A COLUMN by Steve Sprague

For a while, I was very proud of the hand-held calculator I bought as an “early adopter” in 1973. If you’re tinkering with the available Artificial Intelligence (AI) systems online today, you know the feeling.

It won’t last.

Stories show that the multiple AI platforms are now displacing actual web searches for information people think they want or need. My calculator let me think the math I struggled with in school was also now a quick and simple answer.  Not long after that, I was spirited off to Washington by a new congressman. That once-marvelous calculator was pitifully useless in the face of federal budgets in the trillions.

Before Congress, as a reporter for the Star-Gazette, I would have sold my soul for the immediate information now instantly available on every computer in the country. Research, how-to instruction, recipes and background on virtually anyone.  Instead, back then the process was libraries, how-took books and mostly shoe leather to personal conversations. And trust.

Now that AI has entered the picture, that last element of “trust” has yet to be determined. For now, however, my strongest advice is to treat AI’s answers as “information,” not “fact.” Especially if you’re looking for meaningful facts about people or events to reinforce arguments you want to promote.
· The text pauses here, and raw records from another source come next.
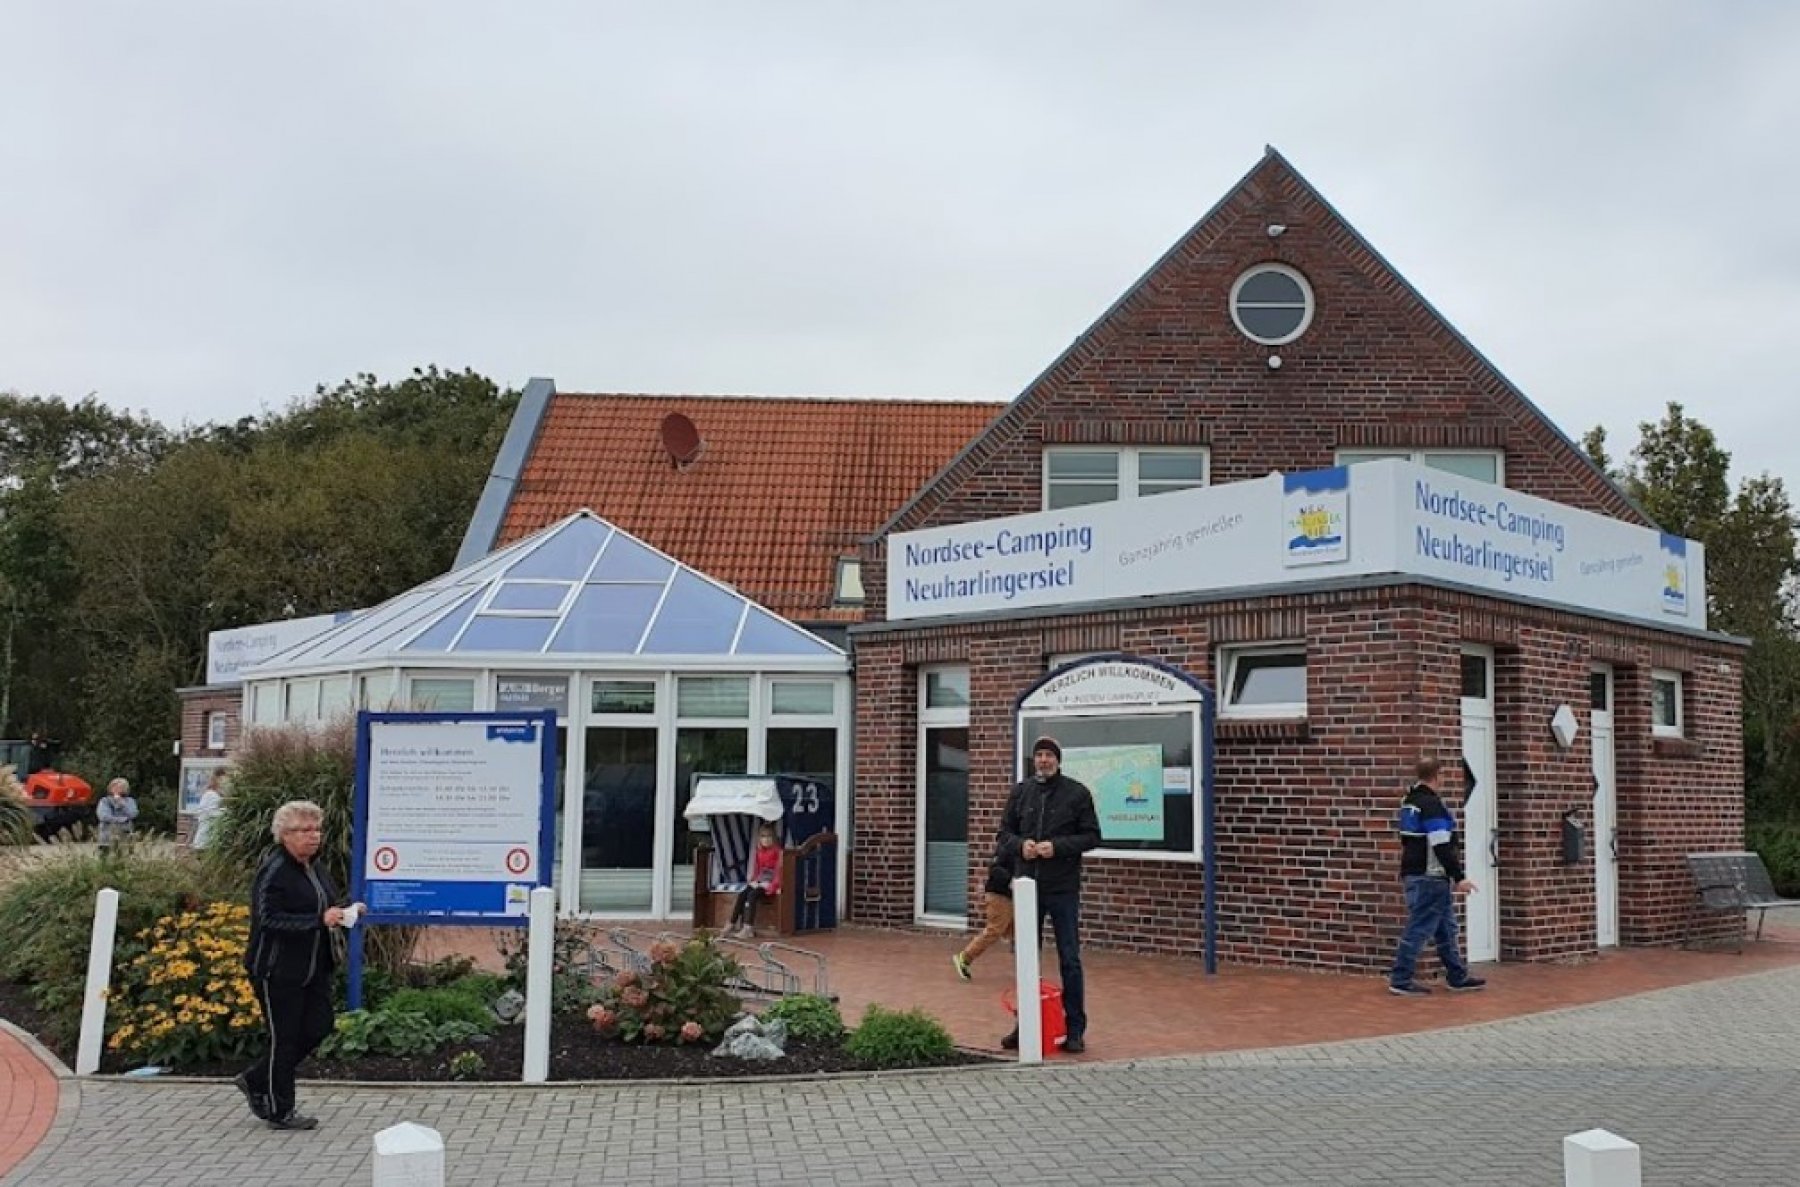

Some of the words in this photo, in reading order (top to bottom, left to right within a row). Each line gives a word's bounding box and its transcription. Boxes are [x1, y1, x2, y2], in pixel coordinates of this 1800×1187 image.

[1415, 480, 1565, 551] Nordsee-Camping
[905, 522, 1092, 567] Nordsee-Camping
[1416, 526, 1554, 582] Neuharlingersiel
[905, 560, 1074, 602] Neuharlingersiel
[1043, 667, 1095, 696] HERZLICH
[1099, 666, 1176, 691] WILLKOMMEN
[791, 783, 820, 814] 23
For honest and diligent professional reporters, the standards never changed. Collect information from “sources,” but it doesn’t get into a story until it’s confirmed as “fact.” One of my favorite recollections of the difference came while at the S-G watching a local newscaster. He prefaced a story by saying it was “an unconfirmed report from a usually-unreliable source.”

Oh. So, it’s gossip?

AI can tell you lots of things. It can speed through lots of “grunt” work that might otherwise cost you hours. It can confirm your chicken needs to cook to 165 degrees. In many ways it can be a massive help for small businesses that can’t afford extra office staff. But it ain’t to be trusted as a reliable source of unconfirmed “facts.”

As a test of today’s AI, a close friend and I both asked our AI buddies to tell us what they know about me. He used ChatGPT; I used Google’s “Gemini.” What came back was the blinding light of “limited sources.” Both services spit out only information it could find on the net. Date that as only places I’ve appeared online since 2021. Mind you, these were the “free” AI searches.
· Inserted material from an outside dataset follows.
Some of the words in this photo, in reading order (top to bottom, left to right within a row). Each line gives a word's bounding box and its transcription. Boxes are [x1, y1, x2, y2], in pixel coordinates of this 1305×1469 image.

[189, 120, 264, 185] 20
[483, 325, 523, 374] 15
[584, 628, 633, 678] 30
My friend’s ChatGPT regurgitated my abbreviated employment history from the few references made in The Sun alongside previous columns and bits from my Linked-In page. It also cautioned the searcher that it could not find any documents confirming my claims to have worked for Congress or even my status as a veteran. “I found no mainstream news coverage of his veteran or Congressional-staff roles beyond the local opinion-piece references.”
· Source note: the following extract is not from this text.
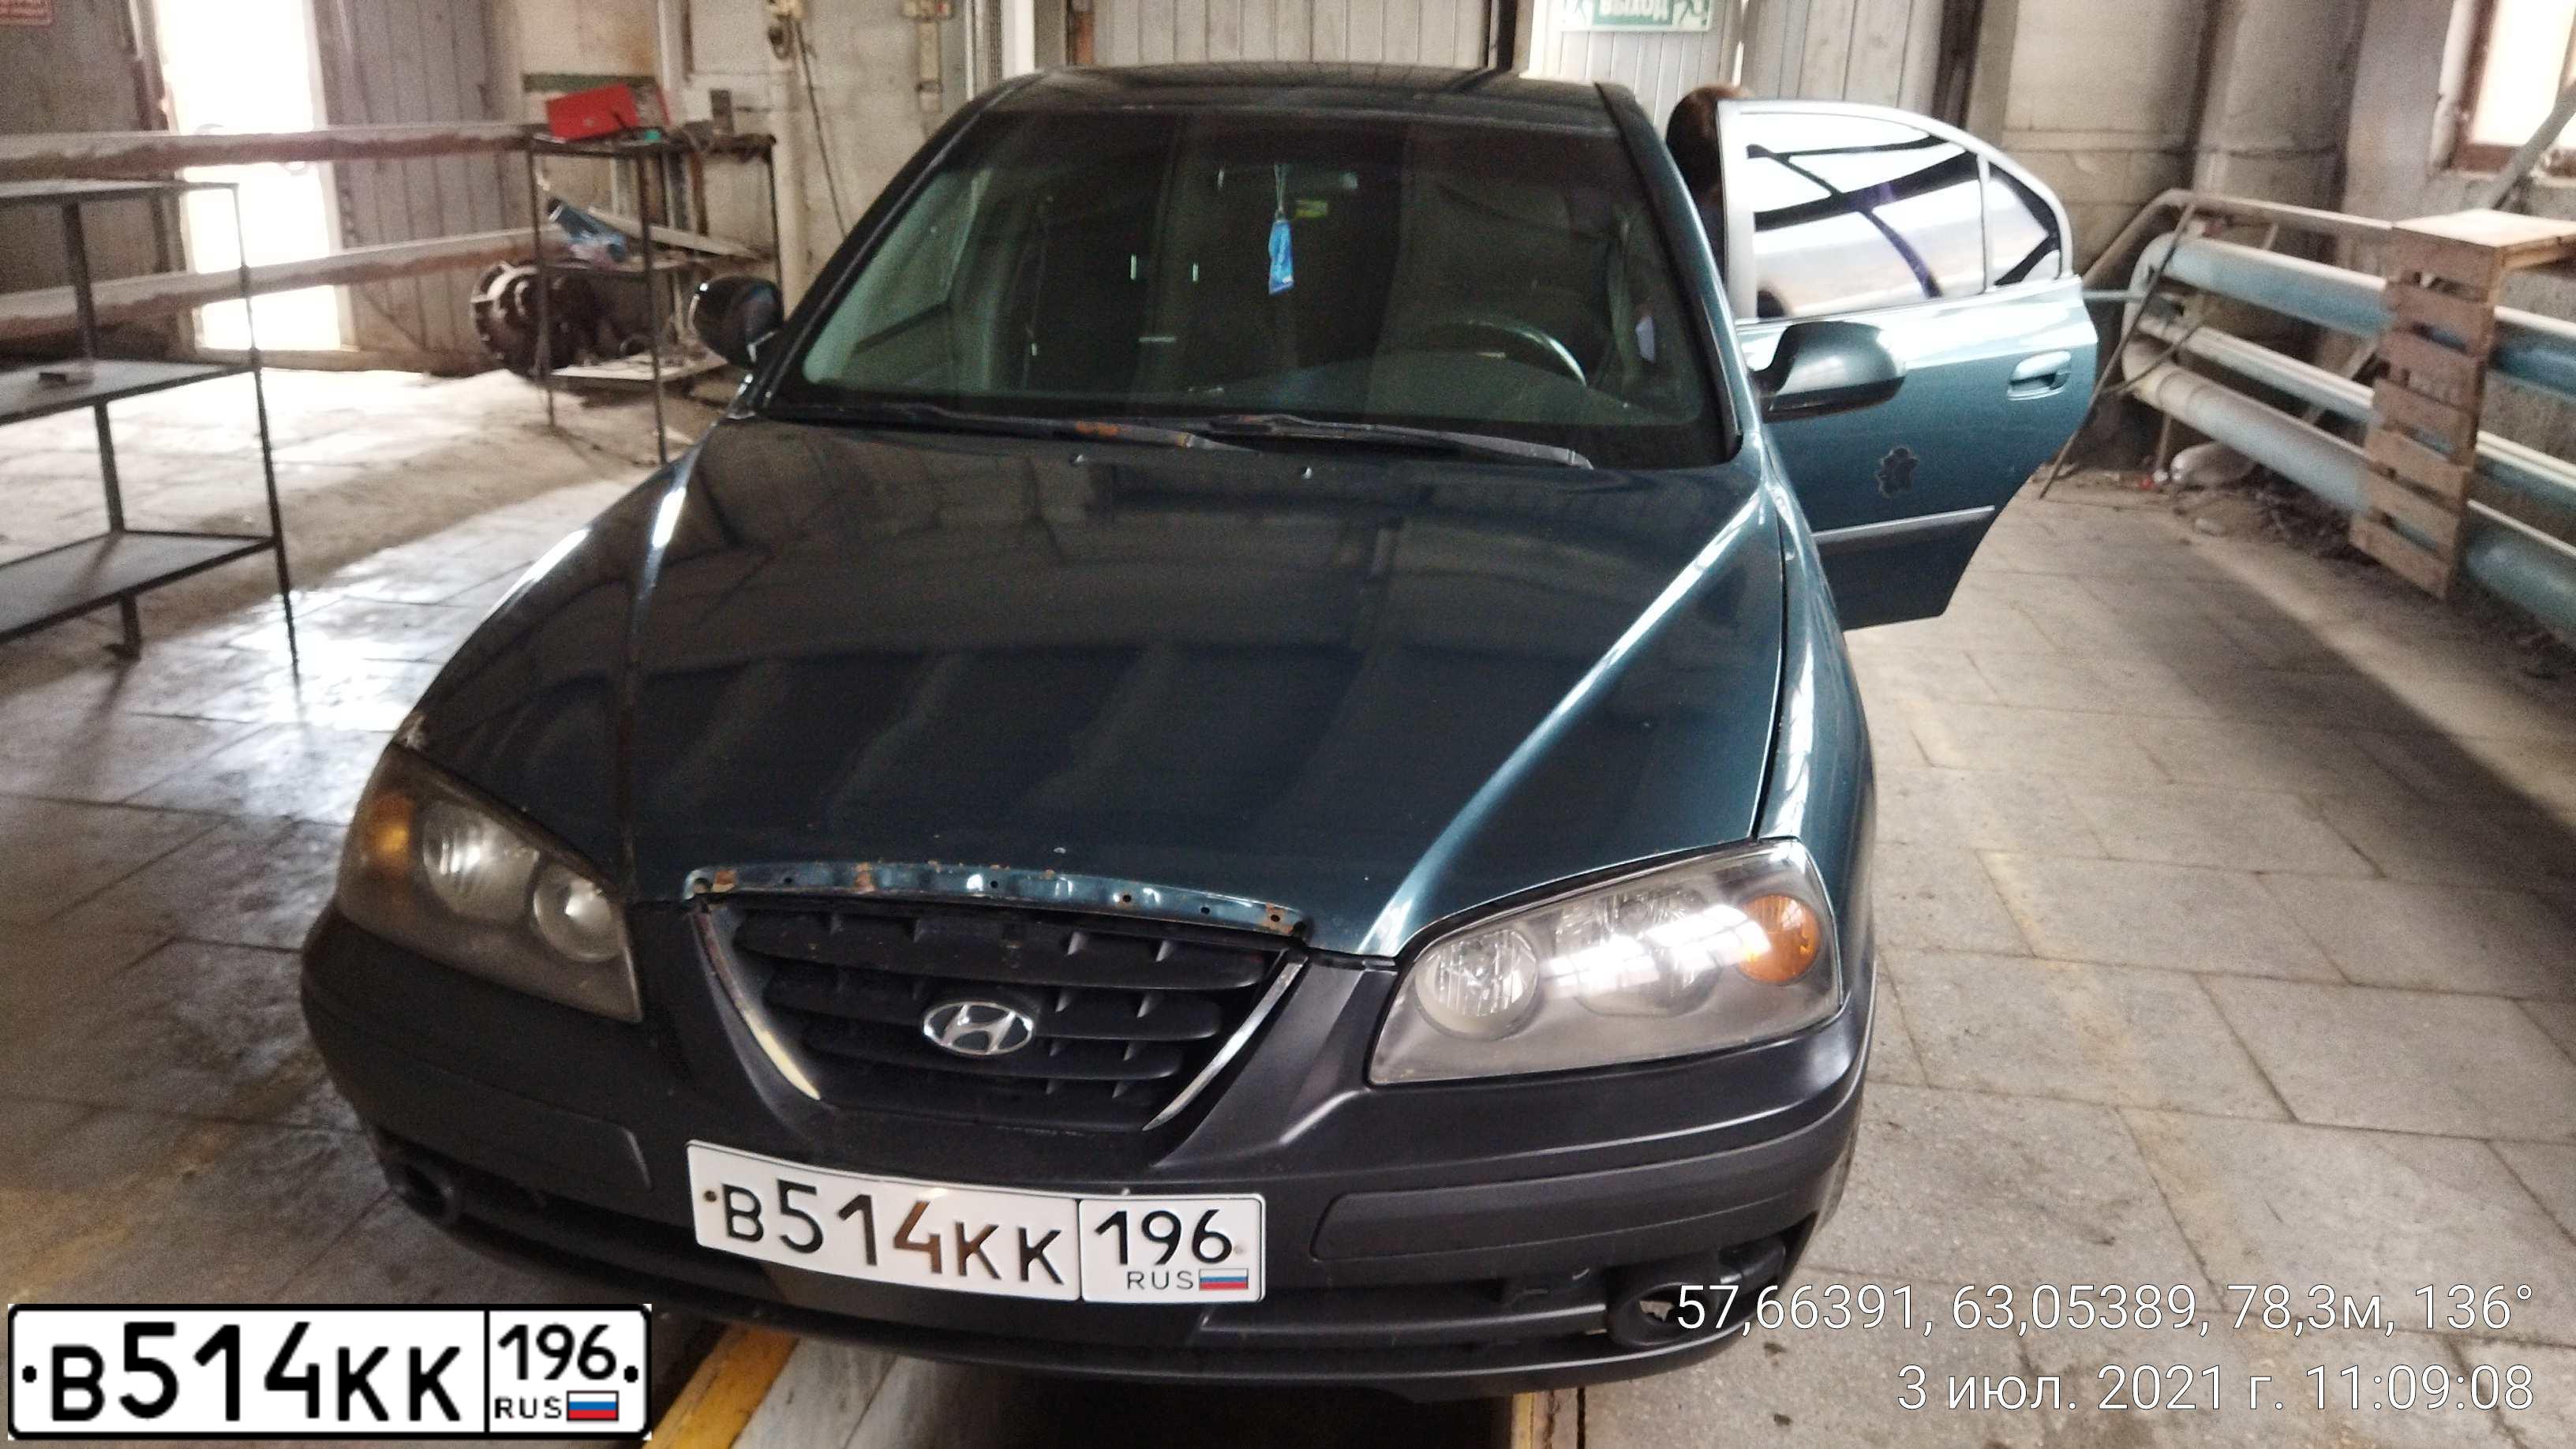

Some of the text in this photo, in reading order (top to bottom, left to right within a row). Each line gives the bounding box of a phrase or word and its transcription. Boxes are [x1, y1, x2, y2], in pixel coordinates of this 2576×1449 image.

[721, 1178, 1233, 1285] В514КК 196
[1127, 1270, 1194, 1290] RUS
My Gemini report had even less information and didn’t bother to remind the searcher that all this was unconfirmed. At this stage, it would seem ChatGPT was marginally more useful.

In other words, I could be the local version of ex-Congressman George Santos. In truth, there are countless public records of my income and titles while working for Uncle Sam, literally hundreds of by-lined stories written by me as a reporter and then about me in those four careers.

If you’ve followed AI to this point, you know it accumulates and recalls whatever databases it has been exposed to. Maybe, if you’re ready to pay an extra fee, at least ChatGPT said it could “attempt a deeper public-records check.” Apparently, the Star-Gazette and the now-gone Steuben Courier-Advocate don’t qualify as “mainstream” news sources. Maybe even the Wall Street Journal where I was a story source. Hard to tell.

Both my friend and I are curious but cheap. We didn’t pay to see more. But you get the point. AI today is an infant growing exponentially and, like any infant, needs careful oversight and reasoned control to grow into a responsible adult. Treat it as such.

There’s no question AI will have a more-than-significant impact on every aspect of our future, from energy demands to jobs. But there’s still a lot of snake oil consumers and gullible kids who will pay the price without meaningful guidance.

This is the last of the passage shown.